Plants to Avoid Growing Near Broccoli
Knowing what not to plant is just as important as knowing what to plant. Some plants actively harm broccoli or compete too aggressively.
Other Brassicas
This might seem counterintuitive, but avoid clustering multiple brassica crops together. Broccoli, cabbage, kale, cauliflower, and Brussels sprouts all attract the same pests and diseases. Grouping them gives pests a concentrated, easy target.
Tomatoes
Tomatoes and broccoli are not good neighbors. Both are heavy feeders, and they compete aggressively for nutrients. Tomatoes also release compounds from their roots that can inhibit brassica growth.
Strawberries
Some sources suggest planting strawberries with broccoli, but in practice, they compete for ground space and moisture. Strawberries can also spread quickly and crowd out slower-growing broccoli.
Corn
Corn is a very heavy feeder that will deplete the soil quickly alongside broccoli. They’re both hungry crops that struggle when grown in close proximity.
Fennel
Fennel is allelopathic — it releases compounds that inhibit the growth of most vegetables, including broccoli. Keep fennel in its own dedicated spot in the garden, away from everything else.
Soil and Watering Tips for Broccoli Companion Gardens
Getting companion planting right is only part of the puzzle. The soil and watering conditions you create matter just as much.
Soil Preparation
Broccoli performs best in:
- pH between 6.0 and 7.0 — slightly acidic to neutral
- Well-draining soil with plenty of organic matter
- Soil amended with compost (2–3 inches worked in before planting)
- Consistent fertility — side-dress with compost or a balanced fertilizer when heads start to form
When companion planting, consider the needs of all plants you’re mixing together. For example, if you’re growing herbs alongside broccoli, remember that most herbs prefer leaner, drier conditions than broccoli does. Place herbs at bed edges where drainage is better.
Watering
Broccoli needs about 1–1.5 inches of water per week. Inconsistent watering causes heads to form unevenly or encourages bolting.
Practical tips:
- Use drip irrigation or soaker hoses rather than overhead watering to reduce fungal issues
- Water in the morning so foliage dries before evening
- Mulch around plants with 2–3 inches of straw or wood chips to retain moisture
- Adjust watering based on rainfall — overwatering is as harmful as underwatering
Natural Pest Control Strategies to Use Alongside Companion Plants
Even with the best companion planting setup, you may still encounter pest pressure. Here’s how to handle it without reaching for chemicals:
Row covers: Lightweight floating row covers physically block cabbage moths and other flying insects from reaching your broccoli. Remove them when flowers start to form (if any companion plants are blooming inside the covers) to allow pollinator access.
Bacillus thuringiensis (Bt): A naturally occurring soil bacterium that, when applied to leaves, kills caterpillars (including cabbageworms and loopers) that ingest it. It’s harmless to birds, mammals, and beneficial insects. Apply it every 7–10 days during peak caterpillar season.

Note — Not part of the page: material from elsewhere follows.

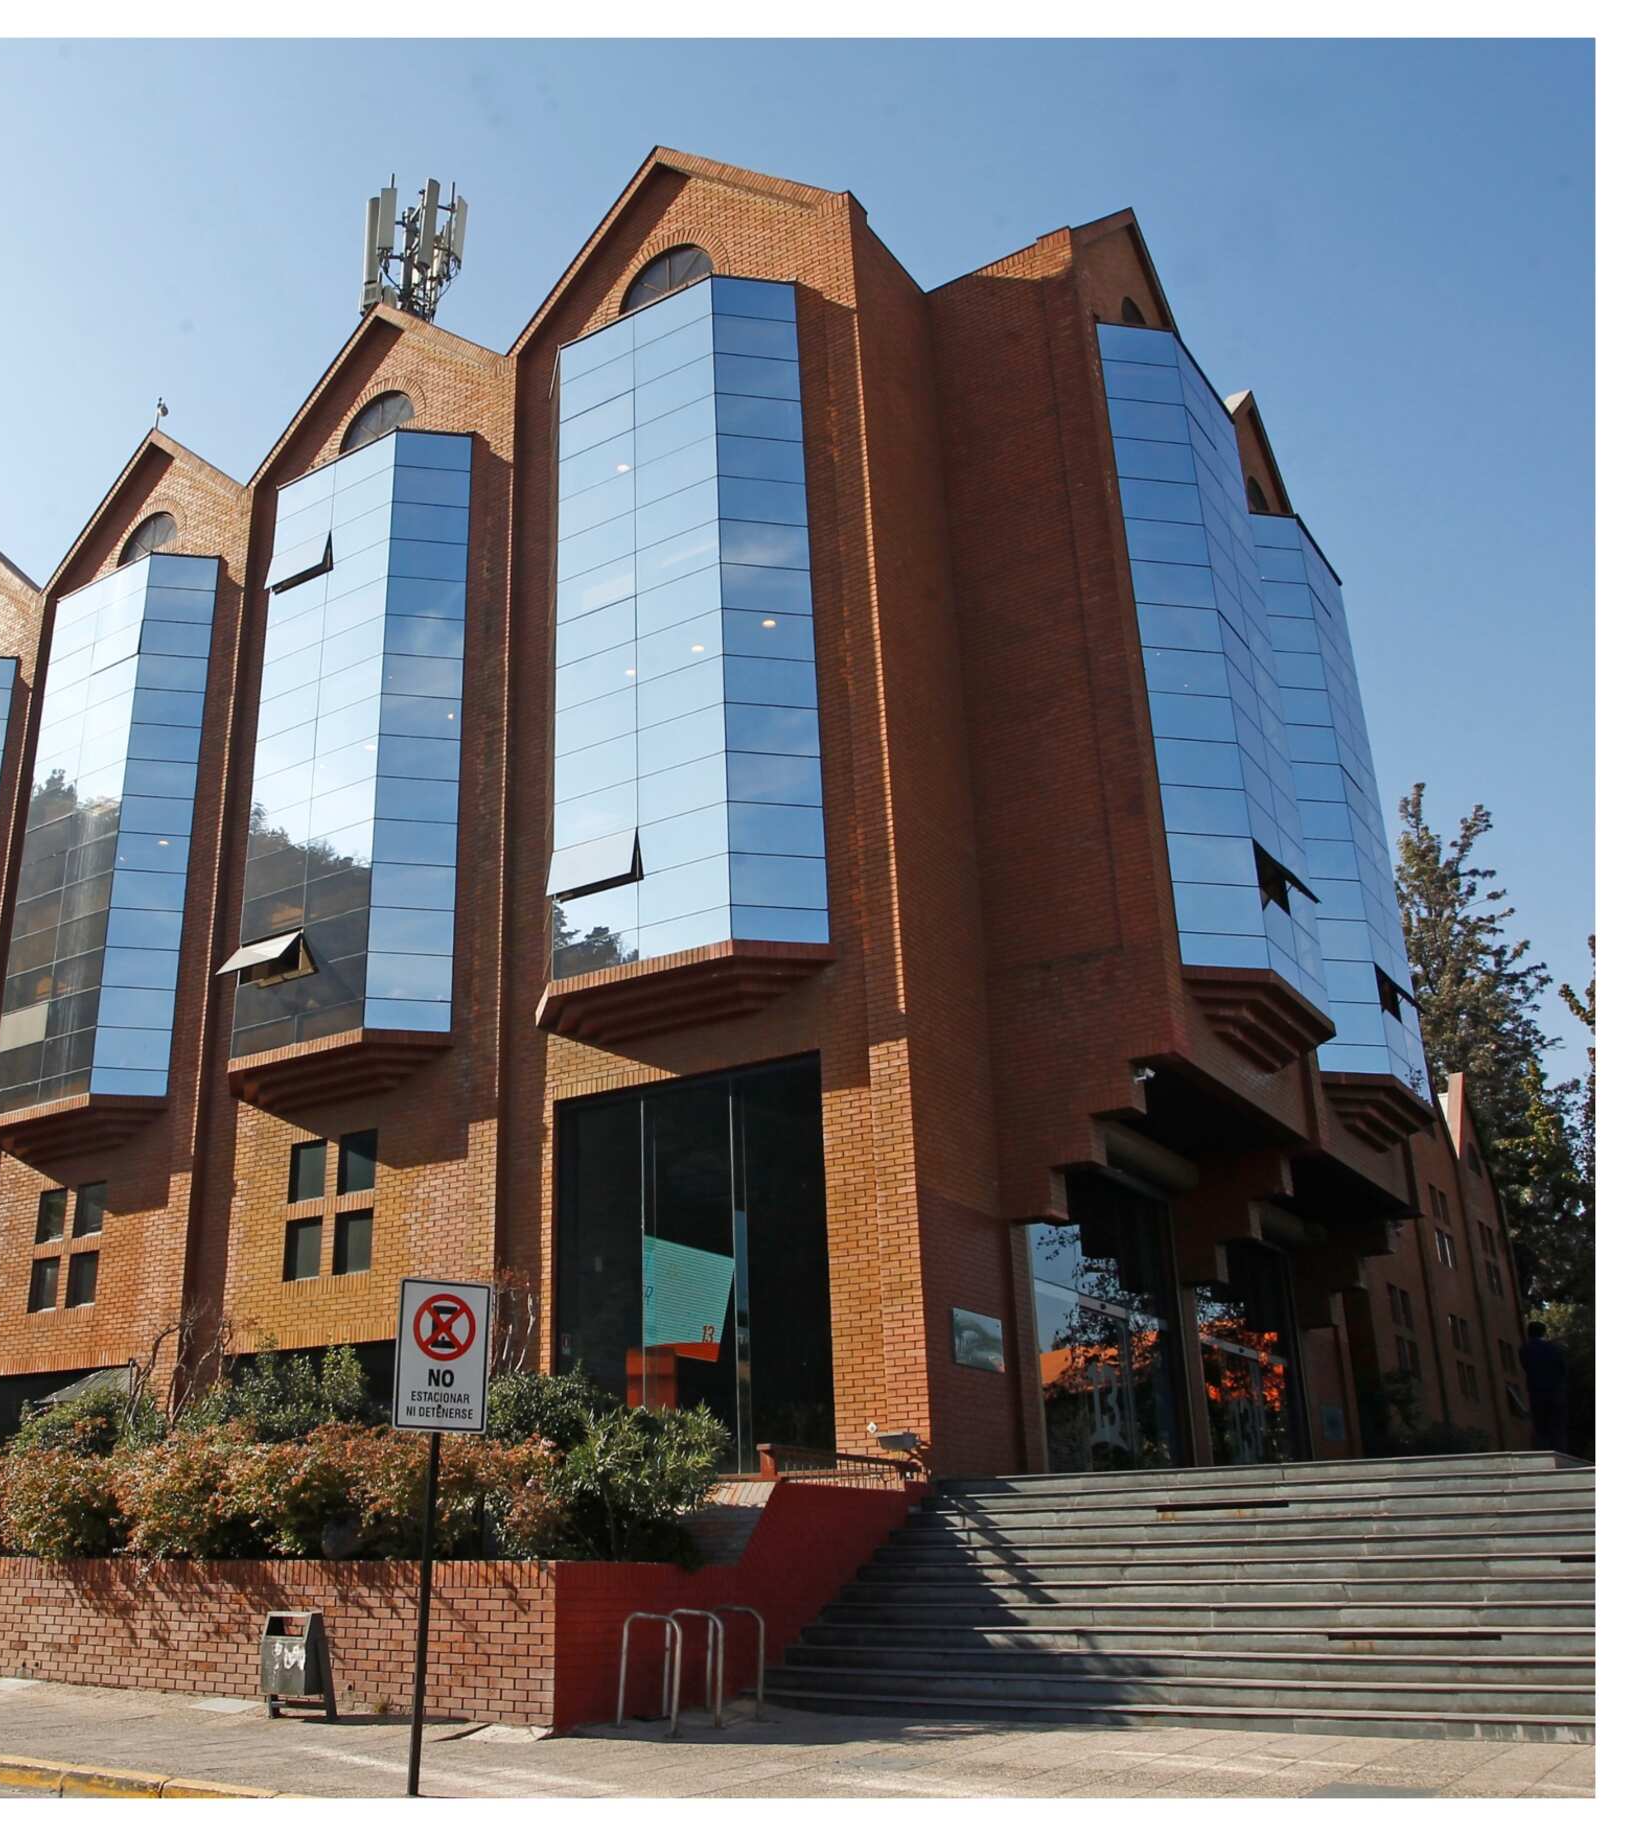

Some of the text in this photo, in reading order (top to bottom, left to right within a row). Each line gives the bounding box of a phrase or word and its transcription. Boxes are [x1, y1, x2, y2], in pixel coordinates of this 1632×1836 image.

[428, 1369, 454, 1388] NO
[411, 1390, 470, 1404] ESTACIONAR
[406, 1405, 473, 1419] NI DETENERSE
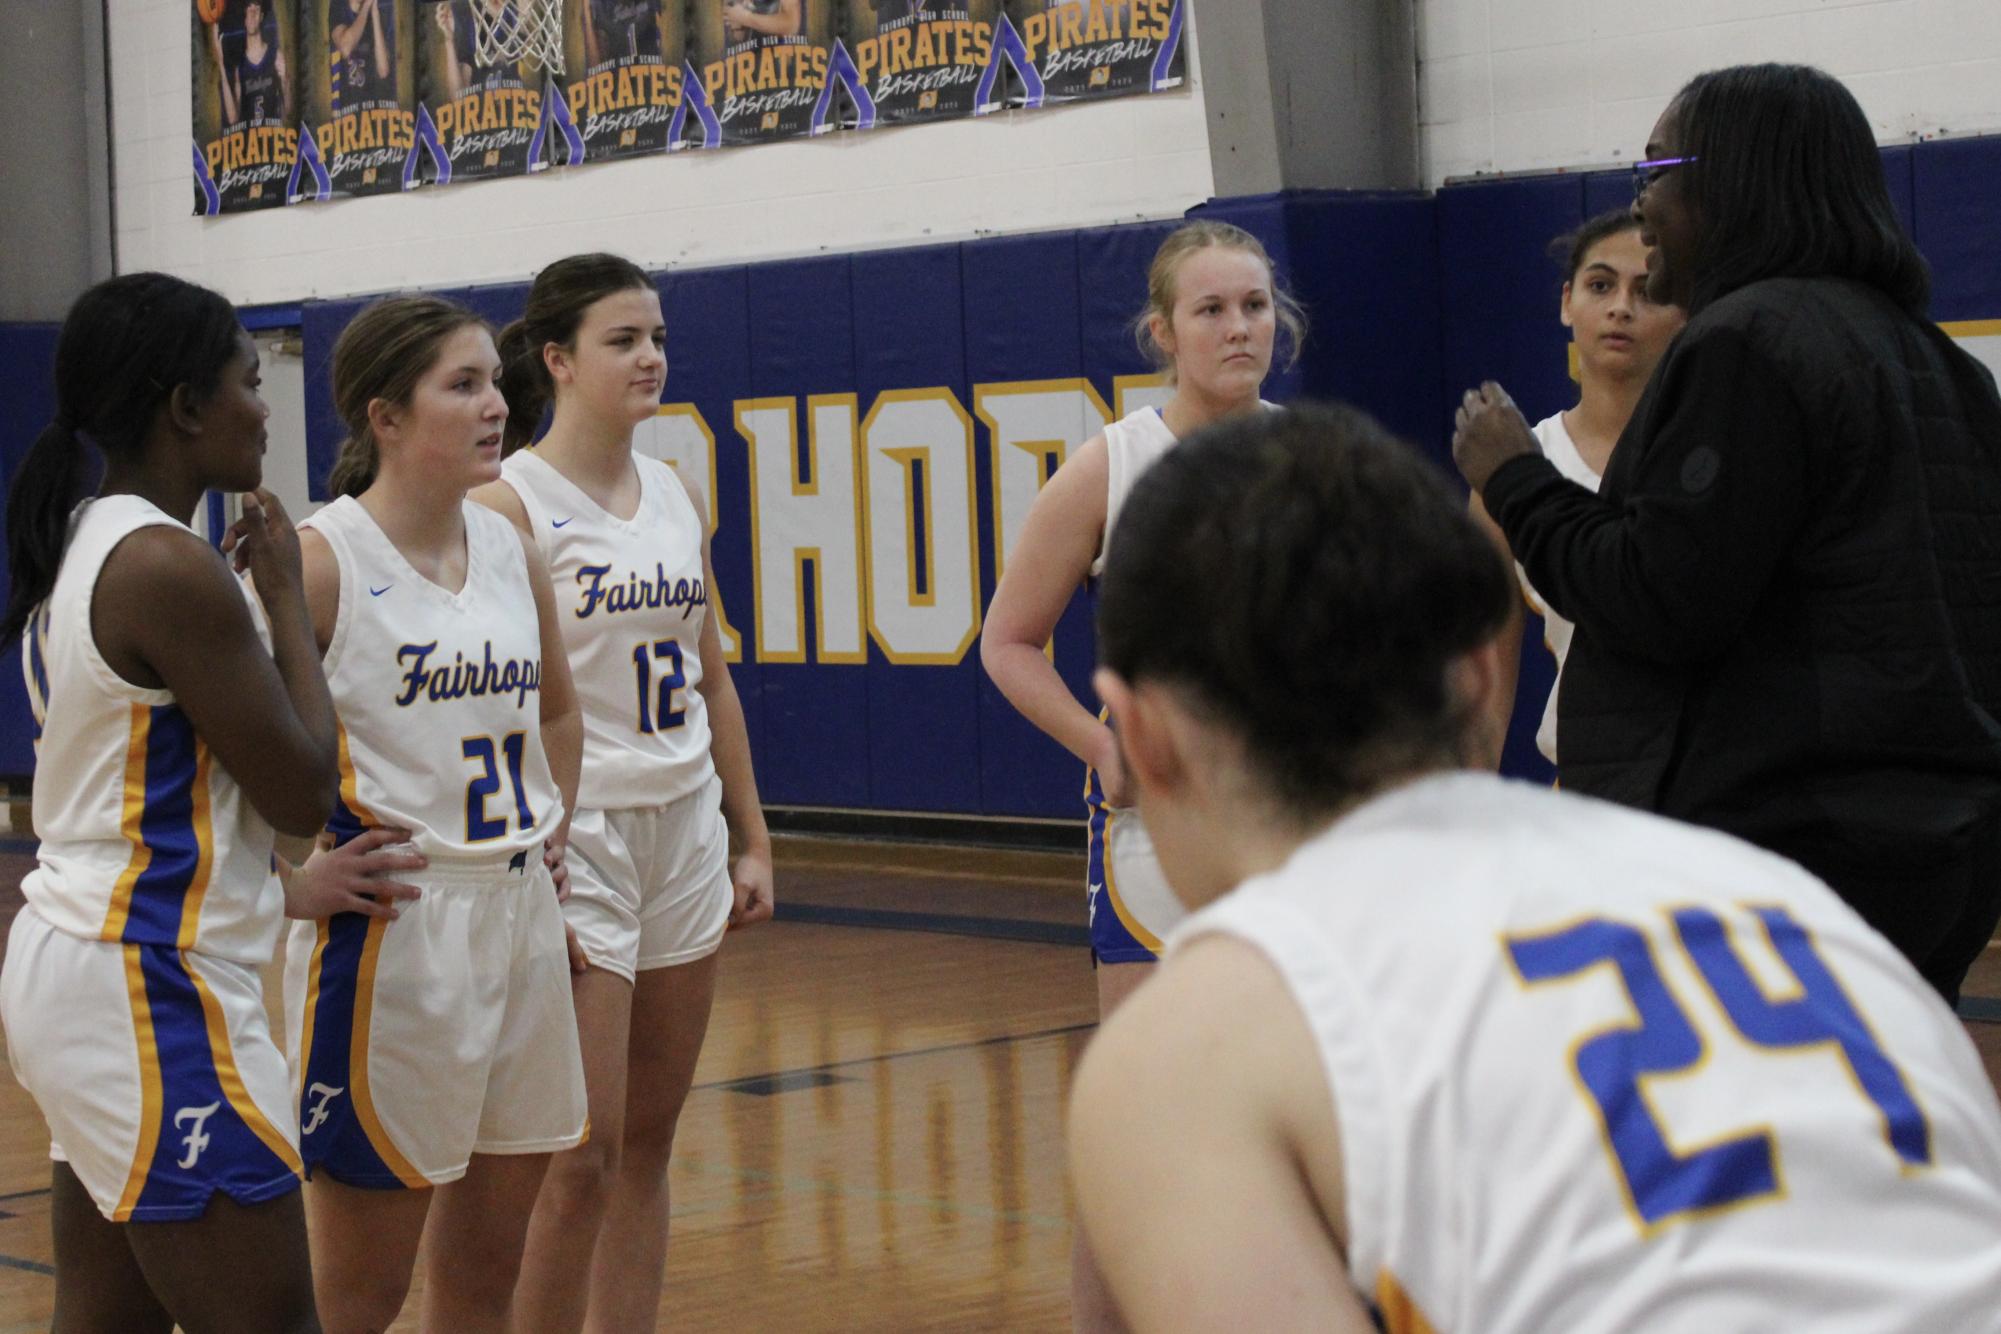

Neem oil: Effective against aphids, whiteflies, and mites. Dilute according to label instructions and spray in the early morning or evening to avoid harming bees.
Hand picking: Time-consuming but highly effective for cabbageworms. Check the undersides of leaves daily and remove eggs and larvae by hand. Drop them in soapy water.
Encourage ground beetles: These predators eat cabbage root fly larvae. Keep ground-level habitat intact — a layer of mulch or some low-growing ground cover encourages them.